Figure 2. Gauzemycins and daptomycin cause cell death by forming pores in them. You can see how the green dye gradually penetrates the cells and stains their DNA. The antibiotic nisin was used as a control, which immediately causes the formation of pores in cell membranes and leads to the complete death of the bacterial culture.
[2], modified figure
Why do gausemycins have such a narrow spectrum of action? Long-term studies of the mechanism of action of daptomycin have shown that daptomycin in the presence of calcium ions forms a complex with the lipid phosphatidylglycerol and some cell wall precursors, resulting in delocalization of the cell wall biosynthesis apparatus. Daptomycin is also quite effective against enterococci, whose membranes contain a lot of phosphatidylglycerol, and gausemycins, as we remember, do not act on enterococci. So what is the mechanism of action of gausemycins? Why is the spectrum of bacteria they act on so narrow? Further research on these unusual antibiotics is needed to answer these questions.
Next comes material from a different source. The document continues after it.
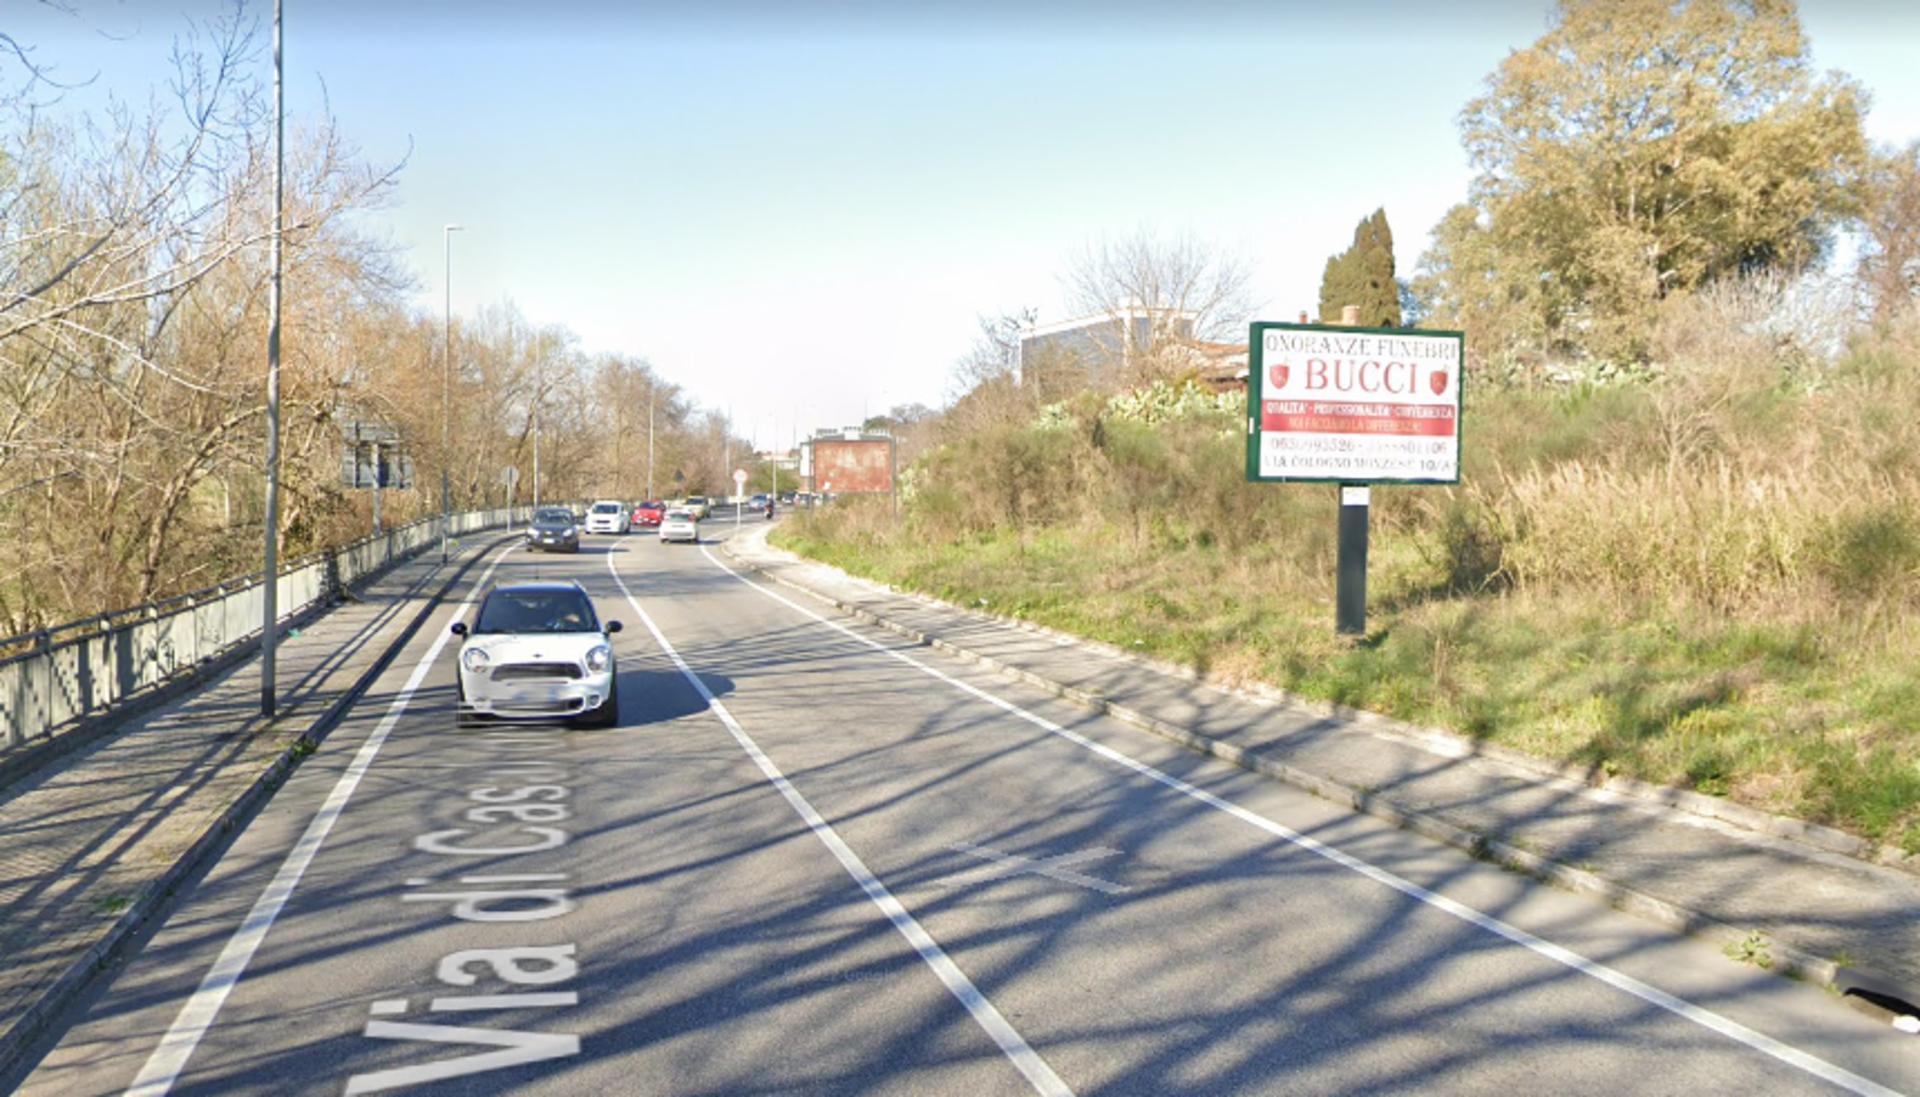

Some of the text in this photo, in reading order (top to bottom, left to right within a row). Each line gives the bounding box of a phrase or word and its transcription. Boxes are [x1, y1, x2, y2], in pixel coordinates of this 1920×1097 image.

We spoke with Vera Alferova , an employee of the G.F. Gause and one of the first authors of the study, about some aspects of the action of gausemycins and their possible prospects in clinical practice.
E.M.: Why don’t gausemycins affect Gram-negative bacteria? After all, they can, theoretically, violate the integrity of the outer membrane, which is unlikely to benefit bacteria.
VA: The mechanism of action of gausemycin is not limited to pore formation. According to current data, it, like daptomycin, implements a complex mechanism of action that requires the fulfillment of a number of conditions. It is too early to speak more specifically about the target, but for daptomycin the lipid composition of the membrane plays a key role, it is very likely that the specificity for hausemycin is due to the same principle. At the same time, the outer membrane of gram-negative bacteria is very different from the membranes of gram-positive bacteria, including the lipid composition. The spectrum of activity of gausemycin is narrow even among gram-positive bacteria, apparently, it can neither damage the outer membrane of gram-negative bacteria, nor overcome it.
E. M.: What are the prospects for the use of gausemycins in clinical practice?
VA: It is unlikely that gausemycin alone will be used in clinical practice, as it is similar to the already well-tested daptomycin. At the moment, we see that its spectrum of activity is narrower than that of the antibiotic used. It may be of interest only as a domestic analogue of a well-known drug, but its implementation requires enormous financial costs. Gauzemycin is of interest primarily from a scientific point of view, since understanding the mechanism of its action will also shed light on daptomycin, and will also allow, using chemical modification, to obtain semi-synthetic derivatives with an optimized structure and properties that are more in demand in modern clinical practice.
- O. A. Lapchinskaya, G. S. Katrukha, E. G. Gladkikh, V. V. Kulyaeva, P. V. Coodan, et. al. (2016). Investigation of the complex antibiotic INA-5812. Russ J Bioorg Chem . 42 , 664-671;
- Anton P. Tyurin, Vera A. Alferova, Alexander S. Paramonov, Maxim V. Shuvalov, Gulnara K. Kudryakova, et. al. (2021). Gauzemycins A,B: Cyclic Lipoglycopeptides from
Streptomyces
sp.**. Angew. Chem. Int. Ed. ; - Vera A. Alferova, Maxim V. Shuvalov, Taisiya A. Suchkova, Gleb V. Proskurin, Ilya O. Aparin, et. al. (2018). 4-Chloro-l-kynurenine as fluorescent amino acids in natural peptides. Amino Acids . 50 , 1697-1705;
- Kirk A Reynolds, Hanna Luhavaya, Jie Li, Samira Dahesh, Victor Nizet, et. al. (2018). Isolation and structure elucidation of lipopeptide antibiotic taromycin B from the activated taromycin biosynthetic gene cluster.